Reaction Pathways and Redox States in α‐Selective Cobalt‐Catalyzed Hydroborations of Alkynes

Abstract

Cobalt(II) alkyl complexes supported by a monoanionic NNN pincer ligand are pre‐catalysts for the regioselective hydroboration of terminal alkynes, yielding the Markovnikov products with α:β‐(E) ratios of up to 97:3. A cobalt(II) hydride and a cobalt(II) vinyl complex appear to determine the main reaction pathway. In a background reaction the highly reactive hydrido species specifically converts to a coordinatively unsaturated cobalt(I) complex which was found to re‐enter the main catalytic cycle.

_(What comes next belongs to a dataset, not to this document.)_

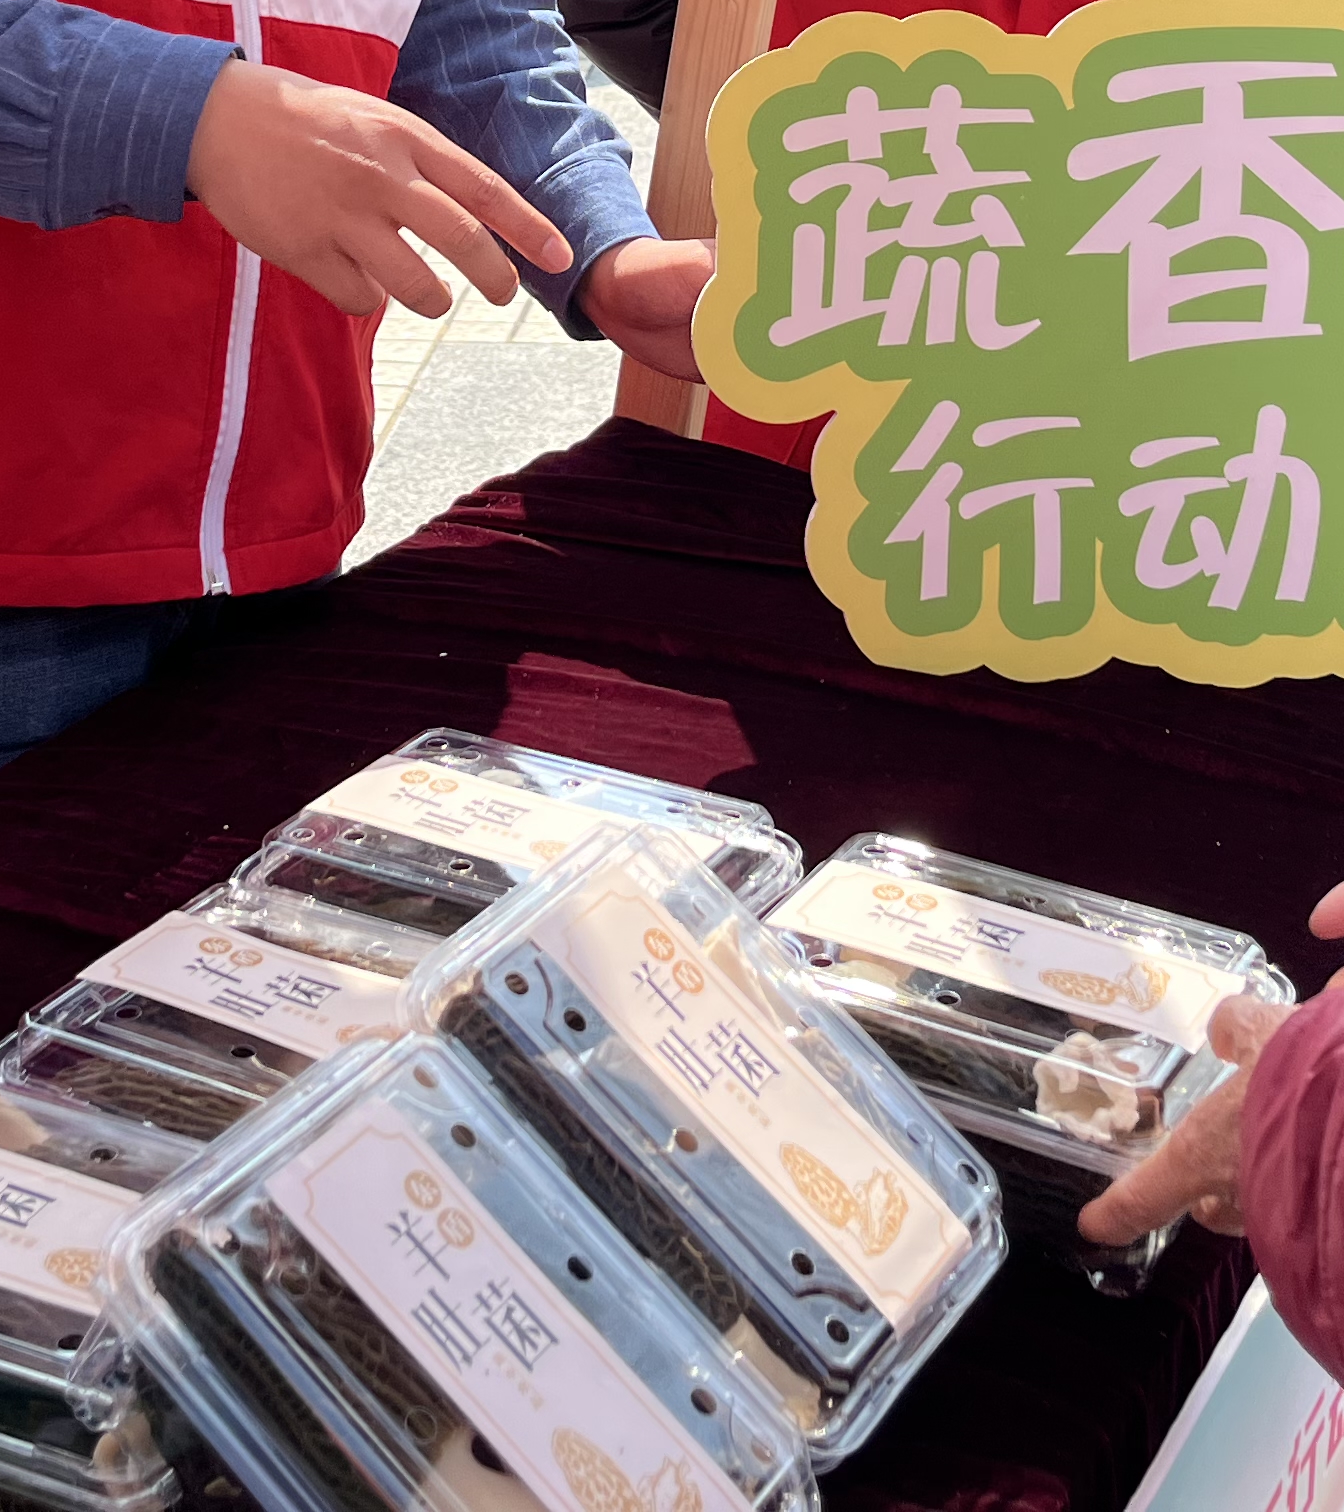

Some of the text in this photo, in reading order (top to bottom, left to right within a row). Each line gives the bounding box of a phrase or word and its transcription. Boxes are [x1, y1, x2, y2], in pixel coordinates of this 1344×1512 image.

[183, 955, 342, 1020] 羊肚菌
[631, 960, 780, 1098] 羊肚菌
[385, 1208, 560, 1375] 羊肚菌

Redox Dualism: A cobalt(II) hydride complex with an ancillary NNN pincer ligand displays twofold reactivity. It acts as catalyst and key intermediate in the α‐selective hydroboration of terminal alkynes. In the absence of alkynes, however, it provides facile access to a coordinatively unsaturated cobalt(I) species which undergoes reversible dimerization.

The burgeoning field of base metal catalysis has been stimulated by novel reactivity patterns and their potential in synthesis. ^[1] Molecularly defined cobalt complexes have been established as versatile tools for a variety of catalytic transformations. ^[2] Compared to noble metals, the propensity of cobalt compounds to engage in one‐electron redox processes has been found as a distinctive difference, such as the tendency of cobalt(II) alkyl or hydride complexes to be readily convertible into the corresponding cobalt(I) complexes. ^[3] Cobalt(II) hydrides[ ⁴ , ⁵ ]—often postulated as transient species—are thought to be key intermediates in the functionalization of C−C multiple bonds as well as hydride transfer reactions. ^[6] On the other hand, coordinatively unsaturated cobalt(I) complexes have been efficiently employed in small molecule or inert bond activations[ ^3b , ⁷ ] as well as catalytic transformations. ^[8]

Cobalt‐mediated hydrometallation reactions provide a convenient access to synthetically useful reagents,[ ^1a , ⁹ ] and in particular the catalytic hydroboration of alkynes allows for the synthesis of alkenyl boronates and related species. ^[10] In case of terminal alkynes, the potential formation of three different isomers with either α‐, β‐(Z)‐ or β‐(E)‐configuration necessitates control of regio‐ and stereoselectivity. Chirik and co‐workers established bis(imino)pyridine cobalt complexes as effective catalysts for the stereodivergent hydroboration of terminal alkynes to (Z)‐configured alkenyl boronates, which stem from a syn‐hydrometallation step of a alkynyl boronate intermediate. ^[11] For the cobalt‐mediated synthesis of (E)‐alkenyl boronates, both an isolated α‐diimine cobalt(II) hydride complex ^[5] and a bench‐stable cobalt(II) coordination polymer ^[12] have been recently reported.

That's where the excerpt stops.